*** Records provided ***

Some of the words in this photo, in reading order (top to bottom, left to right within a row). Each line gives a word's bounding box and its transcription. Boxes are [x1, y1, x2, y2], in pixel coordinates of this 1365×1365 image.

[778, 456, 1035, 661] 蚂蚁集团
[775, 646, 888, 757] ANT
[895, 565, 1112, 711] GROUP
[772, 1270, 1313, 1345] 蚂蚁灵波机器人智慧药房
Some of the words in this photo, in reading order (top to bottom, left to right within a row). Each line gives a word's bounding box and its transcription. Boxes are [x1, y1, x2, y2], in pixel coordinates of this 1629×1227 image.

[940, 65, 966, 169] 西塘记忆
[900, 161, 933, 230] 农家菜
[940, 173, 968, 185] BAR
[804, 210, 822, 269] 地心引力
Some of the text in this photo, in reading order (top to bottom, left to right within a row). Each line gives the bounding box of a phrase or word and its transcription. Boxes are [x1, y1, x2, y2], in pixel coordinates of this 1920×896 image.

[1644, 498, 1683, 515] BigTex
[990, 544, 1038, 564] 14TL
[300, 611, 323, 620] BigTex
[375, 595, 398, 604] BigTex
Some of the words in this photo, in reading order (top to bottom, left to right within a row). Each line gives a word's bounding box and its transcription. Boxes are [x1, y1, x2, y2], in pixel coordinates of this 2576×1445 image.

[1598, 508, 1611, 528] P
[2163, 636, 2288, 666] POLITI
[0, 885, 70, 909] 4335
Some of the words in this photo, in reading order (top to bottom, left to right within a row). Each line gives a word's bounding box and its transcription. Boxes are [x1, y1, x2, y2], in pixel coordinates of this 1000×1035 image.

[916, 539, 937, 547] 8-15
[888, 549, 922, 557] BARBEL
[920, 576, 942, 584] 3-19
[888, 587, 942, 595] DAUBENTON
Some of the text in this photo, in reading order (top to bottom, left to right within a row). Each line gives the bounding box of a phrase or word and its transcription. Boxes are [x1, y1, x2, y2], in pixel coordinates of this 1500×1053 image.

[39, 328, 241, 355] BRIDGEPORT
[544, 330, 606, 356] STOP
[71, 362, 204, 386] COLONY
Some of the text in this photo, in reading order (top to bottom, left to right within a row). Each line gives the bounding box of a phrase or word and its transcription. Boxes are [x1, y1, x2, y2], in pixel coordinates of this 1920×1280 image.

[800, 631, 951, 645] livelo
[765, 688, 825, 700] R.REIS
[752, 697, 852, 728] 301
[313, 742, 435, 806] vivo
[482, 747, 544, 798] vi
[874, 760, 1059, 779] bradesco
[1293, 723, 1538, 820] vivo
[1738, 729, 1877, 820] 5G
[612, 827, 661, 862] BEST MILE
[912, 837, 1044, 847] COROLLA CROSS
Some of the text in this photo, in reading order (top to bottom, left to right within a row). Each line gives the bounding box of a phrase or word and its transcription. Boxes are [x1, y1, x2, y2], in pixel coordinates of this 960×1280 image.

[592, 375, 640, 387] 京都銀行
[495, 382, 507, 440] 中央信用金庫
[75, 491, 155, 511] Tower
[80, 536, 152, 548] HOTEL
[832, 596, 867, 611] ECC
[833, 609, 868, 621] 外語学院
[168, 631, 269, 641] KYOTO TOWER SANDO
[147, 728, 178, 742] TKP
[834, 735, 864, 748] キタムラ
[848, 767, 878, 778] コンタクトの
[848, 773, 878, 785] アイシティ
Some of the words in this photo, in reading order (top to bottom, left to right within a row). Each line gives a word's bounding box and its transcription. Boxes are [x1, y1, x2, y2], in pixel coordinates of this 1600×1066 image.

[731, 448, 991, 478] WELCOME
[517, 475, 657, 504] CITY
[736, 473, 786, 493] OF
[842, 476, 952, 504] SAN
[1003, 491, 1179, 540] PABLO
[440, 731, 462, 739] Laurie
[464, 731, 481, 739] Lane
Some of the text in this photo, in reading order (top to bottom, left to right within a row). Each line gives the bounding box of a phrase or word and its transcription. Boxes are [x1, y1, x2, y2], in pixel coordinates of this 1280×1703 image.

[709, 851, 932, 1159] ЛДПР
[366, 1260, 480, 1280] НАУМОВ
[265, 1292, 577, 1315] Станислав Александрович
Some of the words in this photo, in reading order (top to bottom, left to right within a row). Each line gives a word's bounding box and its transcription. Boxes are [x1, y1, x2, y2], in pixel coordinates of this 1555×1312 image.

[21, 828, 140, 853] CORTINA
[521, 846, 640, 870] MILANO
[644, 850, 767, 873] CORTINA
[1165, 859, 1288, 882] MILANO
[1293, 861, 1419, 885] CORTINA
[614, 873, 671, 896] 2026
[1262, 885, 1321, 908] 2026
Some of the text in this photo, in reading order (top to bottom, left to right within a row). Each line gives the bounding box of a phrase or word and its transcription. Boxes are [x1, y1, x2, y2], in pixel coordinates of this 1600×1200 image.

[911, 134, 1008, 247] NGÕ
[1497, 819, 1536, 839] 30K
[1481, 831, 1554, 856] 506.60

***

» Task description
Repeat every line of the records above exactly.

» Answer to the exercise
Some of the words in this photo, in reading order (top to bottom, left to right within a row). Each line gives a word's bounding box and its transcription. Boxes are [x1, y1, x2, y2], in pixel coordinates of this 1365×1365 image.

[778, 456, 1035, 661] 蚂蚁集团
[775, 646, 888, 757] ANT
[895, 565, 1112, 711] GROUP
[772, 1270, 1313, 1345] 蚂蚁灵波机器人智慧药房
Some of the words in this photo, in reading order (top to bottom, left to right within a row). Each line gives a word's bounding box and its transcription. Boxes are [x1, y1, x2, y2], in pixel coordinates of this 1629×1227 image.

[940, 65, 966, 169] 西塘记忆
[900, 161, 933, 230] 农家菜
[940, 173, 968, 185] BAR
[804, 210, 822, 269] 地心引力
Some of the text in this photo, in reading order (top to bottom, left to right within a row). Each line gives the bounding box of a phrase or word and its transcription. Boxes are [x1, y1, x2, y2], in pixel coordinates of this 1920×896 image.

[1644, 498, 1683, 515] BigTex
[990, 544, 1038, 564] 14TL
[300, 611, 323, 620] BigTex
[375, 595, 398, 604] BigTex
Some of the words in this photo, in reading order (top to bottom, left to right within a row). Each line gives a word's bounding box and its transcription. Boxes are [x1, y1, x2, y2], in pixel coordinates of this 2576×1445 image.

[1598, 508, 1611, 528] P
[2163, 636, 2288, 666] POLITI
[0, 885, 70, 909] 4335
Some of the words in this photo, in reading order (top to bottom, left to right within a row). Each line gives a word's bounding box and its transcription. Boxes are [x1, y1, x2, y2], in pixel coordinates of this 1000×1035 image.

[916, 539, 937, 547] 8-15
[888, 549, 922, 557] BARBEL
[920, 576, 942, 584] 3-19
[888, 587, 942, 595] DAUBENTON
Some of the text in this photo, in reading order (top to bottom, left to right within a row). Each line gives the bounding box of a phrase or word and its transcription. Boxes are [x1, y1, x2, y2], in pixel coordinates of this 1500×1053 image.

[39, 328, 241, 355] BRIDGEPORT
[544, 330, 606, 356] STOP
[71, 362, 204, 386] COLONY
Some of the text in this photo, in reading order (top to bottom, left to right within a row). Each line gives the bounding box of a phrase or word and its transcription. Boxes are [x1, y1, x2, y2], in pixel coordinates of this 1920×1280 image.

[800, 631, 951, 645] livelo
[765, 688, 825, 700] R.REIS
[752, 697, 852, 728] 301
[313, 742, 435, 806] vivo
[482, 747, 544, 798] vi
[874, 760, 1059, 779] bradesco
[1293, 723, 1538, 820] vivo
[1738, 729, 1877, 820] 5G
[612, 827, 661, 862] BEST MILE
[912, 837, 1044, 847] COROLLA CROSS
Some of the text in this photo, in reading order (top to bottom, left to right within a row). Each line gives the bounding box of a phrase or word and its transcription. Boxes are [x1, y1, x2, y2], in pixel coordinates of this 960×1280 image.

[592, 375, 640, 387] 京都銀行
[495, 382, 507, 440] 中央信用金庫
[75, 491, 155, 511] Tower
[80, 536, 152, 548] HOTEL
[832, 596, 867, 611] ECC
[833, 609, 868, 621] 外語学院
[168, 631, 269, 641] KYOTO TOWER SANDO
[147, 728, 178, 742] TKP
[834, 735, 864, 748] キタムラ
[848, 767, 878, 778] コンタクトの
[848, 773, 878, 785] アイシティ
Some of the words in this photo, in reading order (top to bottom, left to right within a row). Each line gives a word's bounding box and its transcription. Boxes are [x1, y1, x2, y2], in pixel coordinates of this 1600×1066 image.

[731, 448, 991, 478] WELCOME
[517, 475, 657, 504] CITY
[736, 473, 786, 493] OF
[842, 476, 952, 504] SAN
[1003, 491, 1179, 540] PABLO
[440, 731, 462, 739] Laurie
[464, 731, 481, 739] Lane
Some of the text in this photo, in reading order (top to bottom, left to right within a row). Each line gives the bounding box of a phrase or word and its transcription. Boxes are [x1, y1, x2, y2], in pixel coordinates of this 1280×1703 image.

[709, 851, 932, 1159] ЛДПР
[366, 1260, 480, 1280] НАУМОВ
[265, 1292, 577, 1315] Станислав Александрович
Some of the words in this photo, in reading order (top to bottom, left to right within a row). Each line gives a word's bounding box and its transcription. Boxes are [x1, y1, x2, y2], in pixel coordinates of this 1555×1312 image.

[21, 828, 140, 853] CORTINA
[521, 846, 640, 870] MILANO
[644, 850, 767, 873] CORTINA
[1165, 859, 1288, 882] MILANO
[1293, 861, 1419, 885] CORTINA
[614, 873, 671, 896] 2026
[1262, 885, 1321, 908] 2026
Some of the text in this photo, in reading order (top to bottom, left to right within a row). Each line gives the bounding box of a phrase or word and its transcription. Boxes are [x1, y1, x2, y2], in pixel coordinates of this 1600×1200 image.

[911, 134, 1008, 247] NGÕ
[1497, 819, 1536, 839] 30K
[1481, 831, 1554, 856] 506.60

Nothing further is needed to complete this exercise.